WHAT THE EXERCISE ASKS: Each record must appear in the answer exactly as it does in the data.

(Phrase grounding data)
BEGIN
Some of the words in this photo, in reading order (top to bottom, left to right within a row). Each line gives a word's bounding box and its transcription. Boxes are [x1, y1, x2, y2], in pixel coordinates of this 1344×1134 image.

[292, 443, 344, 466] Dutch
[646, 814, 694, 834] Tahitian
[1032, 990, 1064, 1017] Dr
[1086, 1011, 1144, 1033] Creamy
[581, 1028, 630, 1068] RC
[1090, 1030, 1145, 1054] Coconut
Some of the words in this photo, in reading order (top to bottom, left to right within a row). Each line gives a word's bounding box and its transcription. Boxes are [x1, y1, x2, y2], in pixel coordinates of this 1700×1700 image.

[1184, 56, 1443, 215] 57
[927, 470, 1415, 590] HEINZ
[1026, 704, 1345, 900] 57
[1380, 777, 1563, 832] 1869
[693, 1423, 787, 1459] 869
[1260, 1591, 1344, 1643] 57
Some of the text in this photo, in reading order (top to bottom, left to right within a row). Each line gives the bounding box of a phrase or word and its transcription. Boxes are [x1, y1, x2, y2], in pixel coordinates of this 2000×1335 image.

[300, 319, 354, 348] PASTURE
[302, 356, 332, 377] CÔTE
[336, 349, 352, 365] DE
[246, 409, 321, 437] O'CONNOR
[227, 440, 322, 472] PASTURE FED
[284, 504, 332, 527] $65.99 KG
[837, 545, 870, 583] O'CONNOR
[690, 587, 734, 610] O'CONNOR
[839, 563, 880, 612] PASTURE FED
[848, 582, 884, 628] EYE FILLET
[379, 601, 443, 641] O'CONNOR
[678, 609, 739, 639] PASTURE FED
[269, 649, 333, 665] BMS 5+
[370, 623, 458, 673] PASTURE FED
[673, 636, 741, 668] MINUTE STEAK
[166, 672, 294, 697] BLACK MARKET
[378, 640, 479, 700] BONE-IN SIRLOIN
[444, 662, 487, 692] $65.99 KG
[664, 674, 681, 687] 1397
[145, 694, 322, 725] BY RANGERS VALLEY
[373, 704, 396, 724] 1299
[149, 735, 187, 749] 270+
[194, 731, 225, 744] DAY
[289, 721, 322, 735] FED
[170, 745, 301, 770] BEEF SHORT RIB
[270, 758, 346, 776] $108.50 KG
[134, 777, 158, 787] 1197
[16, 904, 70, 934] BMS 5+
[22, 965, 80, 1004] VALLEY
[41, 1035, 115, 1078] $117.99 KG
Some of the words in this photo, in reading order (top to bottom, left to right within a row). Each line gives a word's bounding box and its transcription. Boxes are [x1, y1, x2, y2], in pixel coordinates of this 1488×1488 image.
END
SOLVED PROBLEM:
Some of the words in this photo, in reading order (top to bottom, left to right within a row). Each line gives a word's bounding box and its transcription. Boxes are [x1, y1, x2, y2], in pixel coordinates of this 1344×1134 image.

[292, 443, 344, 466] Dutch
[646, 814, 694, 834] Tahitian
[1032, 990, 1064, 1017] Dr
[1086, 1011, 1144, 1033] Creamy
[581, 1028, 630, 1068] RC
[1090, 1030, 1145, 1054] Coconut
Some of the words in this photo, in reading order (top to bottom, left to right within a row). Each line gives a word's bounding box and its transcription. Boxes are [x1, y1, x2, y2], in pixel coordinates of this 1700×1700 image.

[1184, 56, 1443, 215] 57
[927, 470, 1415, 590] HEINZ
[1026, 704, 1345, 900] 57
[1380, 777, 1563, 832] 1869
[693, 1423, 787, 1459] 869
[1260, 1591, 1344, 1643] 57
Some of the text in this photo, in reading order (top to bottom, left to right within a row). Each line gives the bounding box of a phrase or word and its transcription. Boxes are [x1, y1, x2, y2], in pixel coordinates of this 2000×1335 image.

[300, 319, 354, 348] PASTURE
[302, 356, 332, 377] CÔTE
[336, 349, 352, 365] DE
[246, 409, 321, 437] O'CONNOR
[227, 440, 322, 472] PASTURE FED
[284, 504, 332, 527] $65.99 KG
[837, 545, 870, 583] O'CONNOR
[690, 587, 734, 610] O'CONNOR
[839, 563, 880, 612] PASTURE FED
[848, 582, 884, 628] EYE FILLET
[379, 601, 443, 641] O'CONNOR
[678, 609, 739, 639] PASTURE FED
[269, 649, 333, 665] BMS 5+
[370, 623, 458, 673] PASTURE FED
[673, 636, 741, 668] MINUTE STEAK
[166, 672, 294, 697] BLACK MARKET
[378, 640, 479, 700] BONE-IN SIRLOIN
[444, 662, 487, 692] $65.99 KG
[664, 674, 681, 687] 1397
[145, 694, 322, 725] BY RANGERS VALLEY
[373, 704, 396, 724] 1299
[149, 735, 187, 749] 270+
[194, 731, 225, 744] DAY
[289, 721, 322, 735] FED
[170, 745, 301, 770] BEEF SHORT RIB
[270, 758, 346, 776] $108.50 KG
[134, 777, 158, 787] 1197
[16, 904, 70, 934] BMS 5+
[22, 965, 80, 1004] VALLEY
[41, 1035, 115, 1078] $117.99 KG
Some of the words in this photo, in reading order (top to bottom, left to right within a row). Each line gives a word's bounding box and its transcription. Boxes are [x1, y1, x2, y2], in pixel coordinates of this 1488×1488 image.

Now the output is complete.